As Hugo stumbled back down the hill, a battery of klieg lights flashed on, illuminating the entire complex and a formidable swatch of highway.

  John-John’s father fled the scene, obviously intending to return to the motel, but driving recklessly fast. Three or four miles from Ritki’s he was intercepted by a trooper going in the opposite direction. The trooper braked, wrestled his car about, and set off after the Dart at high speed, siren and tires screaming. The night came alive with the spooky, peacocklike cries and the revolving blue strobes of one willful machine prodding another to the brink of self-annihilation. Even when the superior horsepower of the state vehicle had plainly decided the outcome of their contest, Hugo kept gunning the accelerator. The result was that the Dart capsized, fired one rear tire off its rim into the woods, and pinned Hugo beneath the steering column and the spectacularly dimpled roof.

  * * *

  Back from her sabbatical in New York, Jeannette was waiting for John-John when he finally got home. Anna was there, too, as distraught as he had ever seen her. By this time Hugo was slowly, painstakingly dying, and no one knew what to say to anybody else to alter, disguise, or soften this fact. It was not Jeannette’s fault, John-John knew. No, of course not; it was definitely not his mother’s fault. But from that moment he began withdrawing from Jeannette; and later, when it seemed to him that she had taken steps to sacrifice him to her ambition, he did not find it difficult to close the door on his life with the Monegals and to run away from home.

  Chapter Sixteen

  Habiline Reflections

  THE EVENING THAT HELEN RETURNED MY PISTOL I WAS as nervous as a seventeen-year-old virgin. My confusion had a simple source: I did not know what mode of approach and receptivity must prevail between us. This confusion, baldly stated, has certain humorous overtones that I did not fully appreciate at the time.

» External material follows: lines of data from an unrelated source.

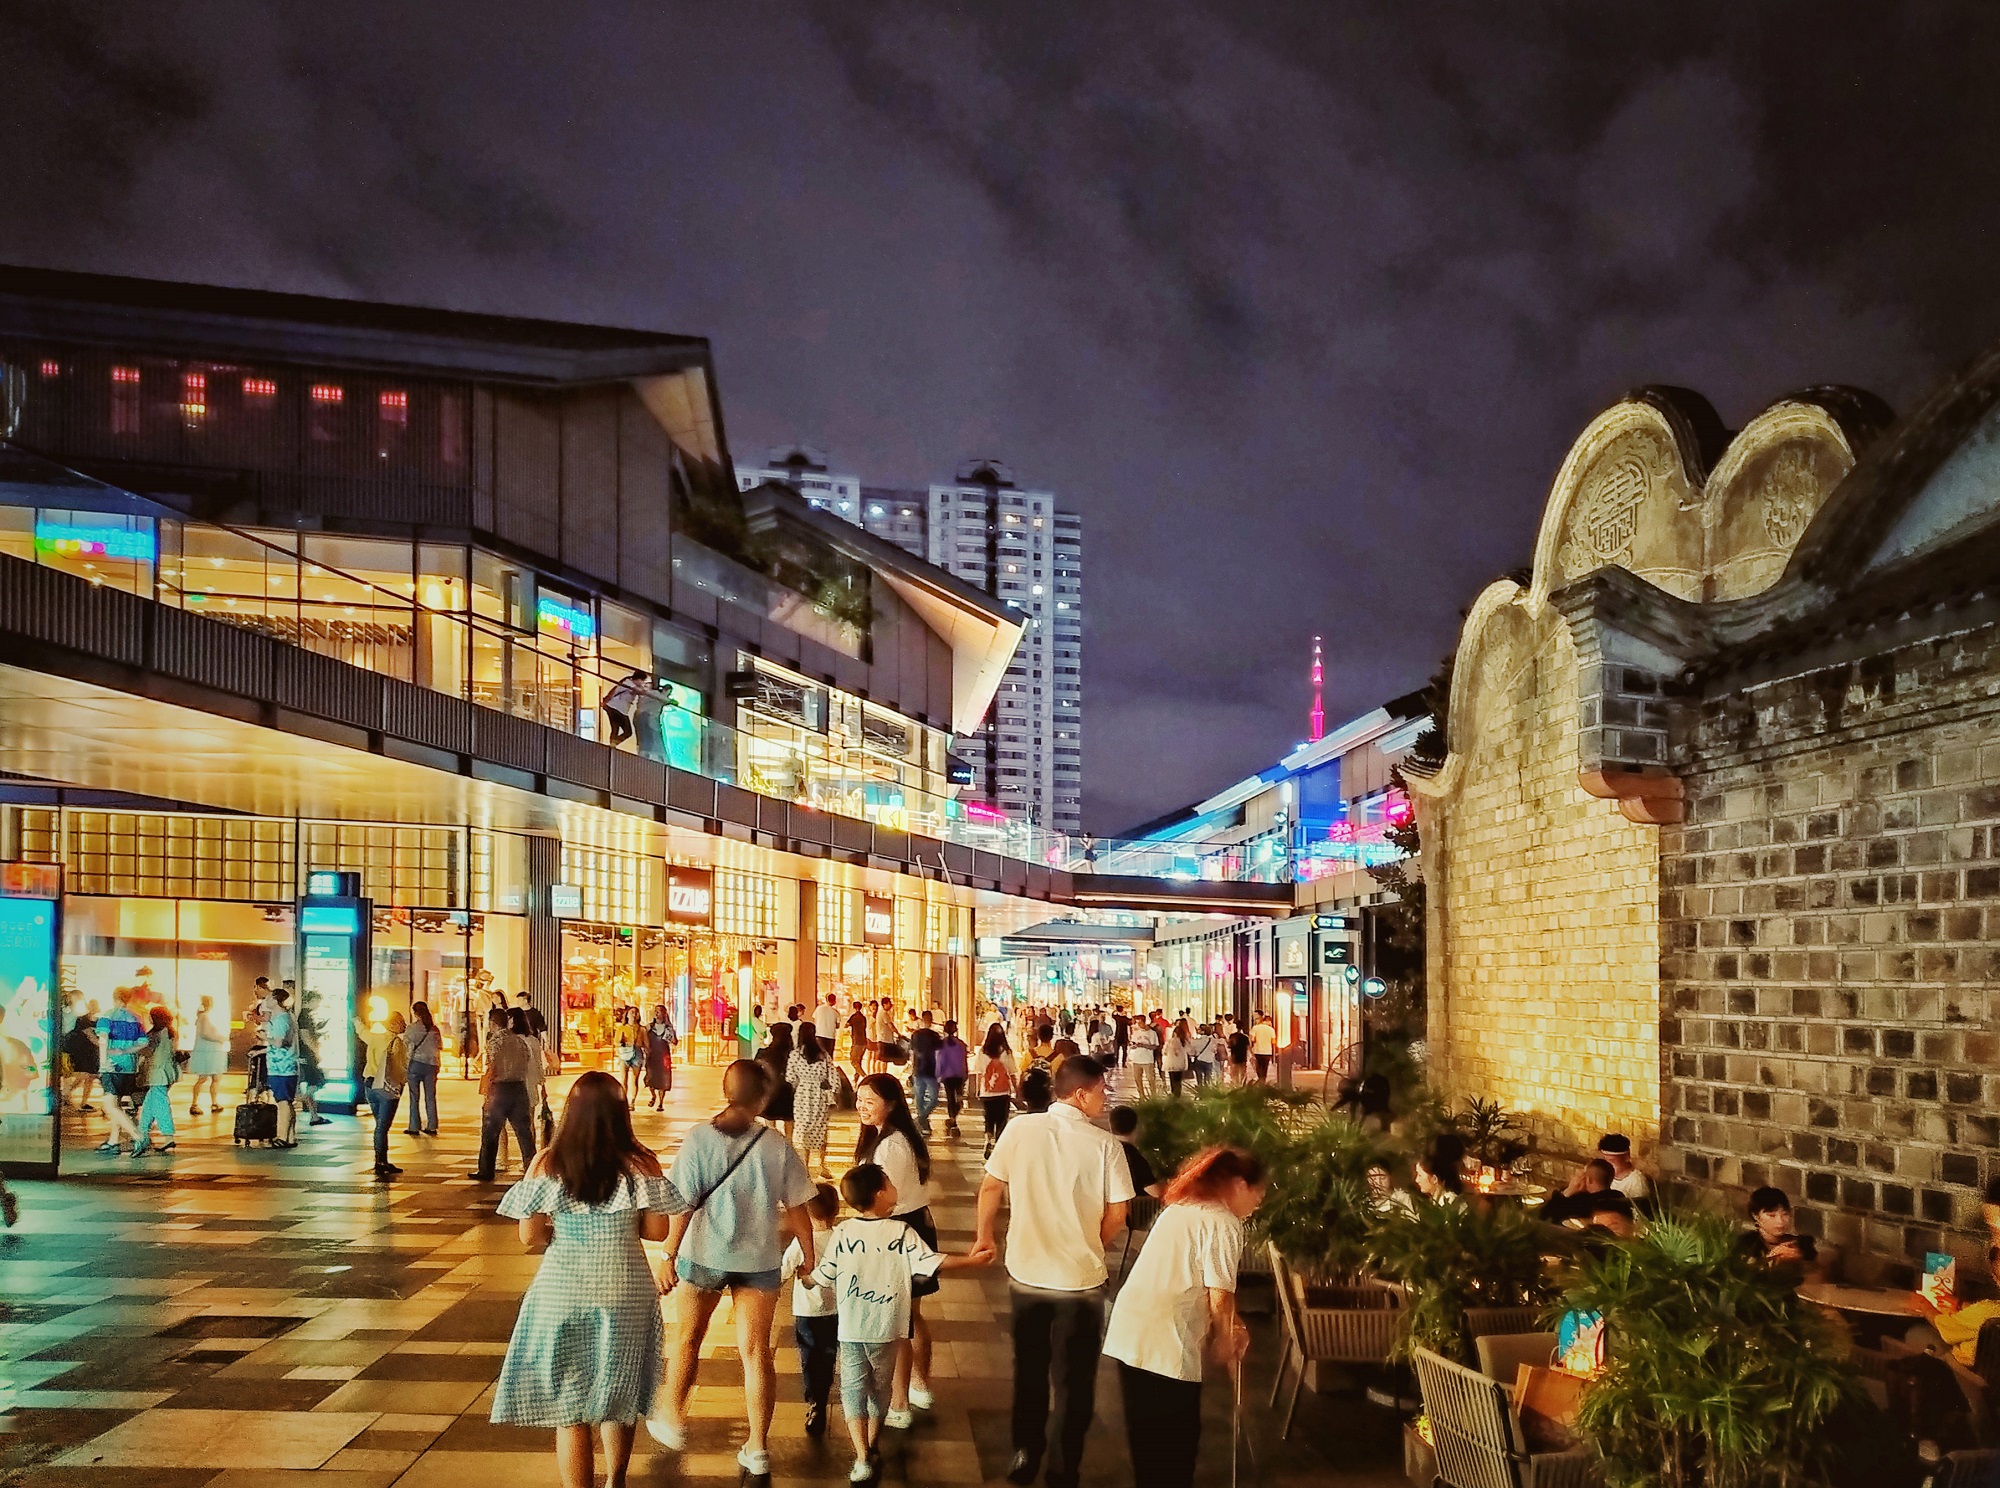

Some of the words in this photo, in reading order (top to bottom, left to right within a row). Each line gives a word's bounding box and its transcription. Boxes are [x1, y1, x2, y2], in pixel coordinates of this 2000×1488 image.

[109, 527, 147, 545] freh
[554, 892, 580, 908] izzue
[668, 877, 709, 914] izzue
[865, 905, 891, 935] izzue
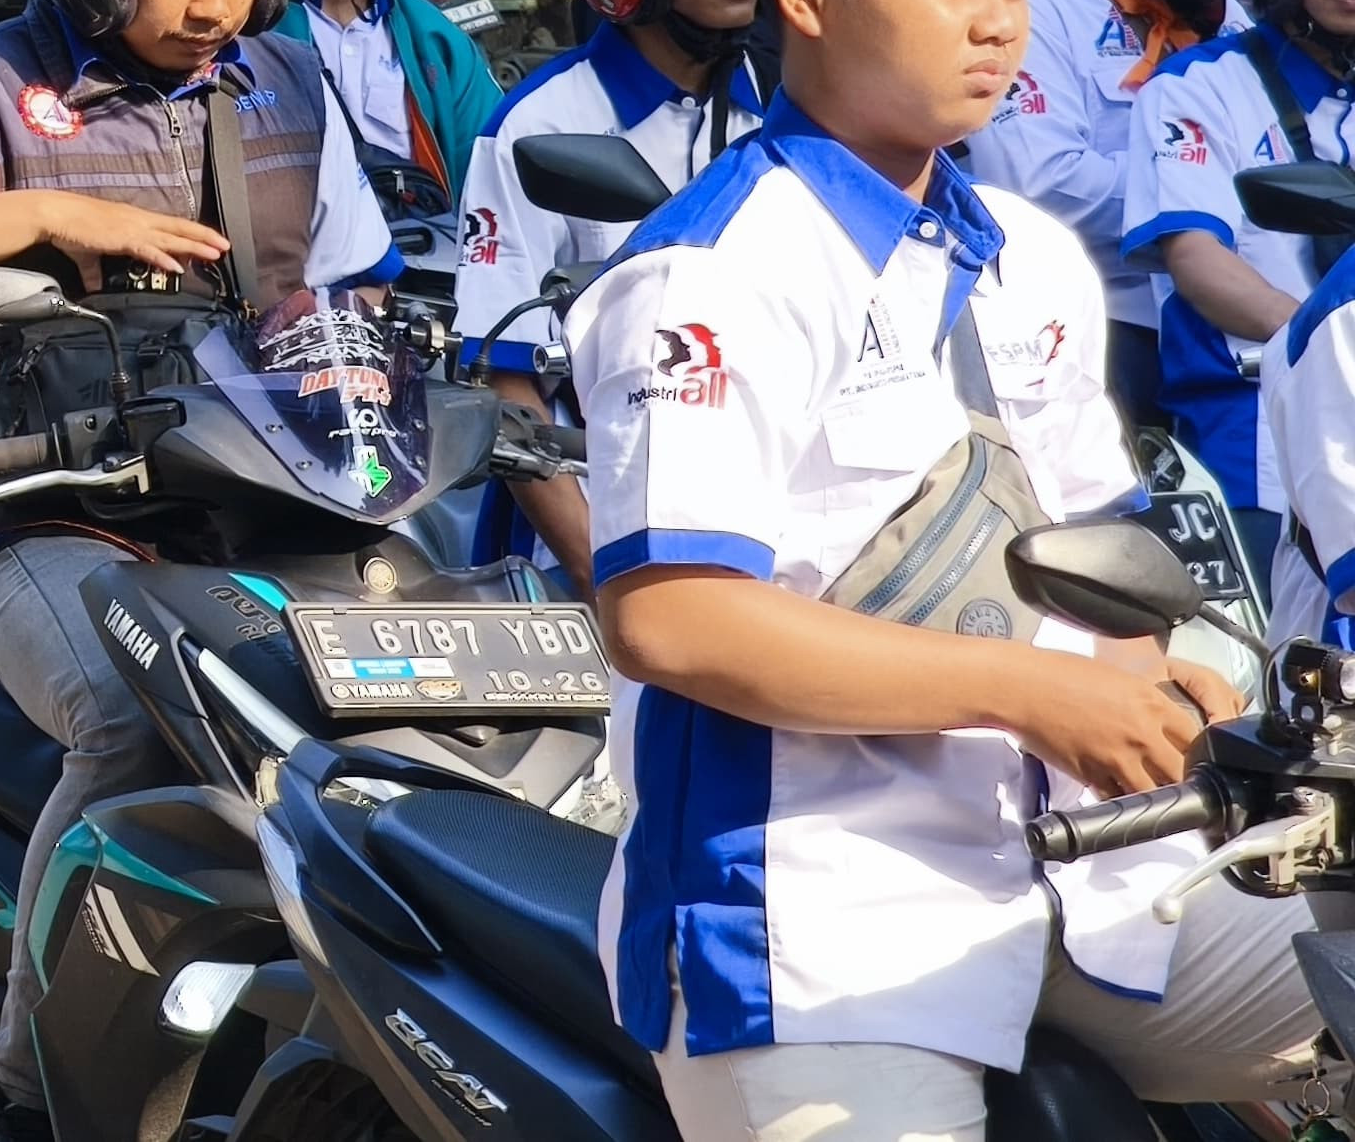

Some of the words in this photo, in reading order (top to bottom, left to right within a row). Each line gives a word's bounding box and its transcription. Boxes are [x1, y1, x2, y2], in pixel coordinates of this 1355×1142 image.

[301, 368, 388, 396] DAYTONA
[1167, 503, 1217, 544] JC
[103, 598, 161, 671] YAMAHA
[310, 619, 348, 656] E
[371, 619, 481, 656] 6787
[499, 619, 591, 656] YBD
[349, 682, 413, 698] YAMAHA

  Pair bonding, as I believe I have shown, was a common feature of the habiline lifestyle. Although the resident cock of the wadi, or alpha male, might with impunity coerce somebody else’s cutie into his clutches, he usually had a favorite among these rotating concubines. In Alfie’s case, of course, this was Emily, and after Genly’s death she became his permanent live-in.

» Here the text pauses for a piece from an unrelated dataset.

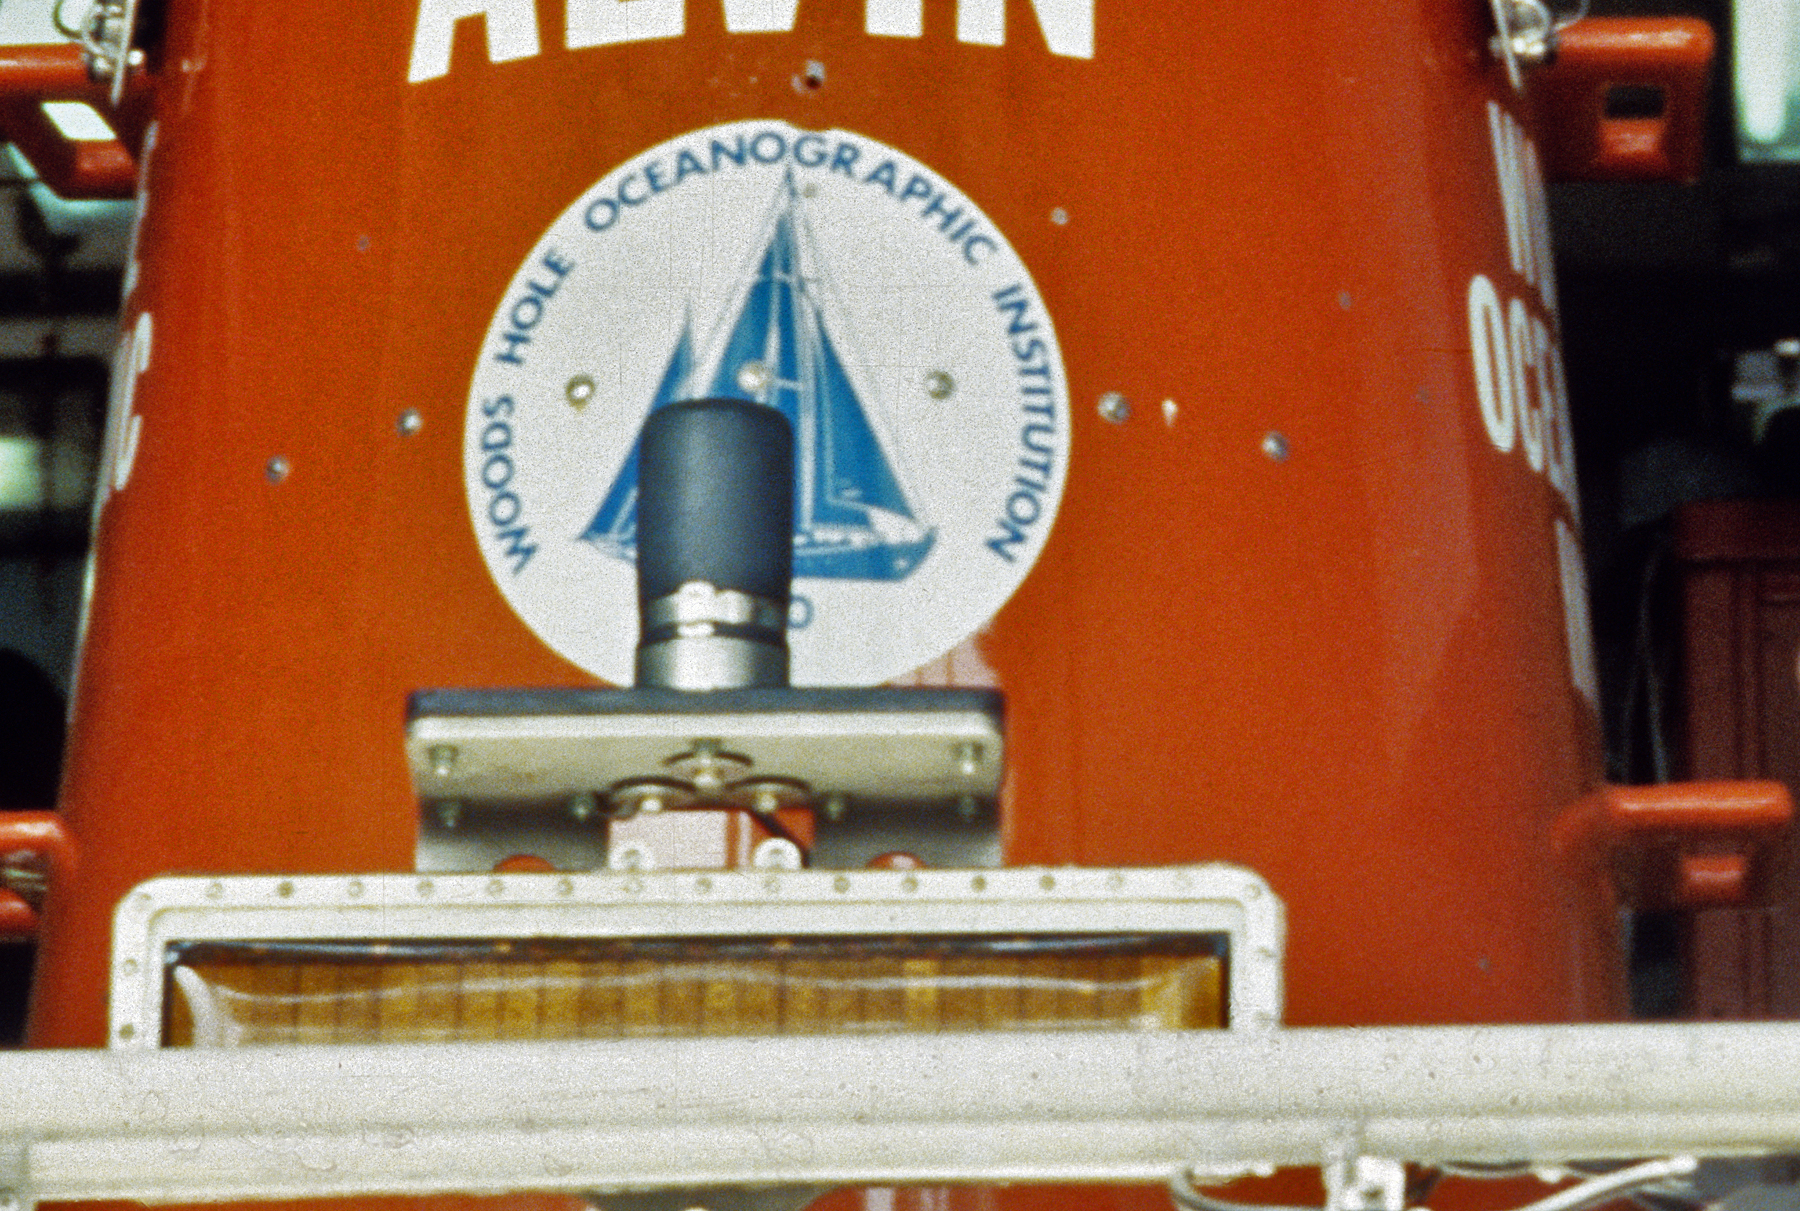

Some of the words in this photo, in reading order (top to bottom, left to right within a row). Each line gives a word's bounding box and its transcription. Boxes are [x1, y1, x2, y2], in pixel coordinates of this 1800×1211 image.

[583, 131, 999, 267] OCEANOGRAPHIC
[494, 246, 576, 367] HOLE
[480, 393, 538, 577] WOODS
[985, 282, 1057, 564] INSTITUTION

  Observing this, I decided that Alfie had had designs upon Emily from the beginning, but that his status among the Minids and his uneasy relationship with Genly had not permitted him to surrender to out-and-out monogamy. To have done so would have been to risk another serious run-in with his only real rival among the men, for Genly was not so cowed as he sometimes contrived to appear. Therefore, not only to reaffirm his preeminence in the band but also to minimize the chances of a savage knock-down-drag-out with Genly, Alfie had had to bestow his affections upon Guinevere and Nicole as well as Emily.

  Inadvertently, then, I had helped provide Alfie with an escape from the prison of his own power. He no longer had to lord it over the wives of Jomo and Fred in order to underscore his chieftancy, for Jomo was too old and Fred too young to represent genuine threats to his leadership. Variety being a much-sought-after spice, Alfie did not completely forgo the company of other ladies while establishing a household with Emily, but his philandering took on a decidedly illicit cast, occurring out of doors and catch-as-catch-can rather than by invitation in the sacrosanct confines of his hut. He was a changed and seemingly happier man.

  So was I, albeit a confused one, too. Wherefore my confusion?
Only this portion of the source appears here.